According to interviews, Andy and Lana Wachowski’s screenplay for Jupiter Ascending was originally more than 200 pages long. Assuming the usual metric of one page in the script being about one minute on the screen, that means they chopped 40% from it. And boy, does it show. Many expositional details — heck, even a few entire scenes — are included despite being ultimately irrelevant, while other elements go unexplained. It’s a muddled, confusing hodge-podge of a sci-fi spectacle that presumably made more sense in the original screenplay … and which I almost thoroughly enjoyed in spite of itself.
They swung for the fences on this one, that’s for sure. It’s the story of a Russian immigrant named Jupiter Jones (Mila Kunis) who works as a maid with her mother and aunt in Chicago. You can ignore most of what we’re told about Jupiter in the first 20 minutes (she wants to sell her eggs; her sleazy cousin is acting as egg pimp; her dad was an astronomer) because it doesn’t matter. What matters is that she is the genetic reincarnation of a dead alien queen whose three children — whispery fey camp villain Balem (Eddie Redmayne), princely conniver Titus (Douglas Booth), and nondescript because I think her whole subplot got cut out Kalique (Tuppence Middleton) — are squabbling over their inheritance. Specifically, the Earth, which belonged to Mom and now belongs to Jupiter (the girl, not the planet) because she’s the reincarnation of Mom and that’s just how it works, OK?
Explaining it won’t help. The important thing is that these three highly advanced aliens who look like humans (well, except Redmayne) all have strategic reasons to want Jupiter either dead or captured. A bounty hunter named Caine (Channing Tatum) is dispatched to Earth to collect her, but he becomes her friend and protector instead. (Jupiter is the protagonist, but she’s also a girl, so she needs to be rescued a lot.) Caine mentions that he’s genetically part wolf and part albino, to name just two more details that could have been omitted because they’re never mentioned again. He skates around, sometimes shirtless, on nifty gravity boots. He has a friend named Stinger (Sean Bean) who’s part bee. Did you know bees can recognize royalty? That’s a “thing” with them.
I should stop telling you details. It will make you think the movie is more flat-out bonkers than it really is. Only Redmayne’s performance approaches the level of trash masterpiece; everyone else is more or less on the mark, giving it their all without tipping over into cheesiness.

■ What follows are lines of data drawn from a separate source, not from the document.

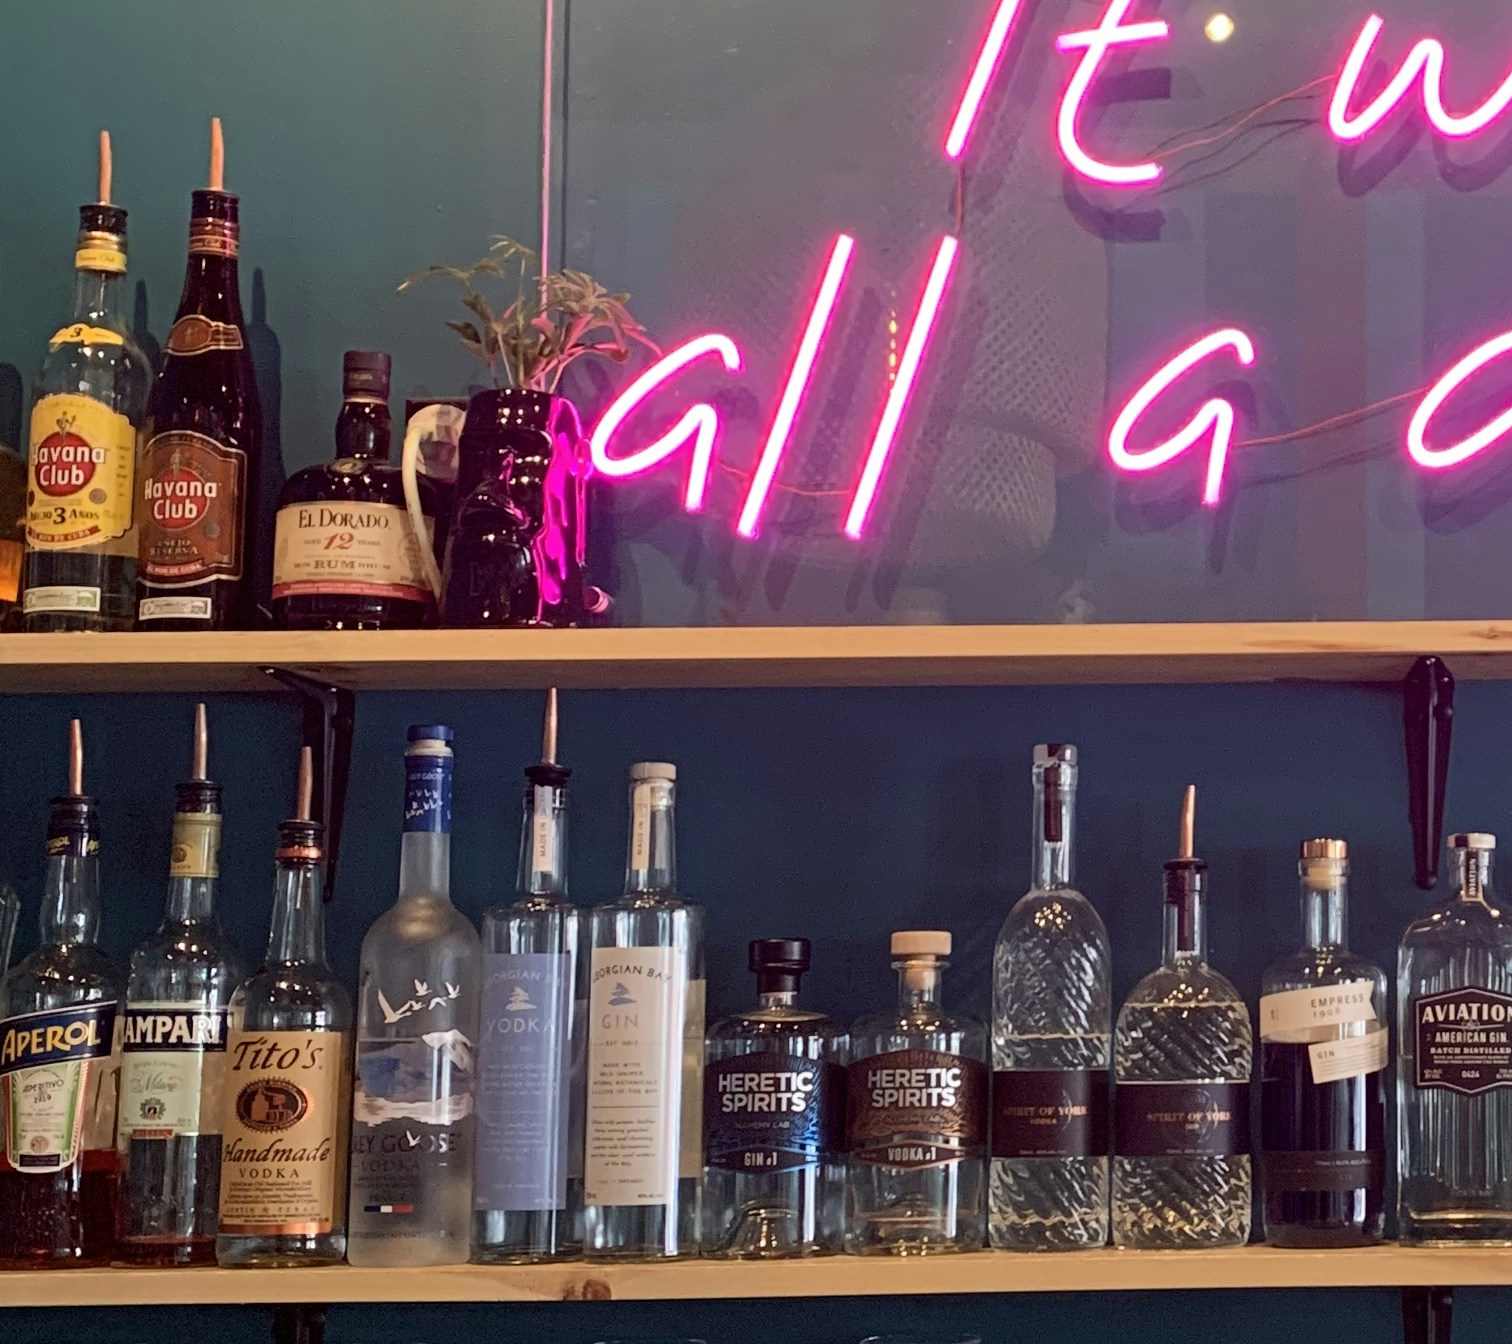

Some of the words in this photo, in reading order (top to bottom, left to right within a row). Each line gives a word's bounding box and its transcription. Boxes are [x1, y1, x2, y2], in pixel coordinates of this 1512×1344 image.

[582, 233, 960, 541] all
[1107, 327, 1257, 506] a
[39, 465, 85, 486] Club
[145, 478, 217, 500] Havana
[53, 507, 66, 525] 3
[154, 499, 197, 520] Club
[298, 509, 316, 529] EL
[319, 508, 389, 530] DORADO
[323, 532, 354, 550] 12
[313, 559, 356, 569] RUM
[1310, 993, 1365, 1009] EMPRESS
[118, 1014, 222, 1044] AMPARI
[601, 1014, 639, 1030] GIN
[0, 1018, 101, 1067] APEROL
[1434, 1031, 1487, 1044] AMERICAN
[232, 1036, 324, 1071] Tito's
[1316, 1050, 1335, 1059] GIN
[1429, 1046, 1461, 1055] BATCH
[1463, 1046, 1512, 1055] DISTILLED
[718, 1071, 814, 1092] HERETIC
[867, 1067, 962, 1089] HERETIC
[721, 1092, 807, 1113] SPIRITS
[871, 1087, 956, 1108] SPIRITS
[1039, 1106, 1056, 1116] OF
[1187, 1112, 1203, 1121] OF
[222, 1137, 331, 1164] Handmade
[744, 1151, 764, 1166] GIN
[887, 1147, 924, 1161] VODKA
[239, 1167, 300, 1180] VODKA

The impressive variety of alien creatures scattered throughout the film, from skittering little gremlins to hulking winged dinosaur-men, along with the “gee whiz!” sense of adventure that permeates the story — along with, sure, Michael Giacchino’s bombastic score that features vocal choruses — puts a person in the mind of Star Wars. Other elements suggest Dune and Brazil, including an amusing sequence of surreal intergalactic bureaucracy that’s a direct homage to the latter. A chase scene in the skies over Chicago is thrillingly realized. There are imaginative touches in the sets and costumes, and in the peculiar details of alien society.
The bureaucracy sequence is entertaining but adds nothing to the story. That’s because there’s nothing to add to. For as big, bold, and fun as the film is, it has very little depth, no weightier things on its mind. That’s quite a change from the Big Themes of The Matrix and Cloud Atlas, and I’d be curious to know whether the fuller version of Jupiter Ascending had more meat on its bones. It lacks a fearsome villain, too, which is a critical miscalculation. If your story is ultimately no more complicated than “good versus evil,” well, your evil ought to be well represented, don’t you think?

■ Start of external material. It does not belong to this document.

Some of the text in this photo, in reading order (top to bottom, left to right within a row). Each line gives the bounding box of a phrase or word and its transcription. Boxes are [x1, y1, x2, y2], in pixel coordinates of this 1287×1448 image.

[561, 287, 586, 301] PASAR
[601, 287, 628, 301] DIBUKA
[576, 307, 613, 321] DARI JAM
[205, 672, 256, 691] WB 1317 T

Say what you will about the Wachowski siblings — for example, Speed Racer is unwatchable even on second try — but one thing is beyond dispute: they’re fully committed to their nerdy, insanely detailed sci-fi stories. That enthusiasm is infectious. Jupiter Ascending is bold, silly, and messy, but it’s sincere. Watching it, you get the feeling (even though you know this isn’t the case) that Andy and Lana don’t care if it makes money, that they’ll happily spin their adventure yarns for whoever will listen. For me, that separates this from something prefabricated like, say, Seventh Son, where you can tell the primary motivator was that someone wanted to launch a lucrative franchise and didn’t care if it was any good. You might not think Jupiter Ascending is good, but you have to see that the Wachowskis at least wanted it to be.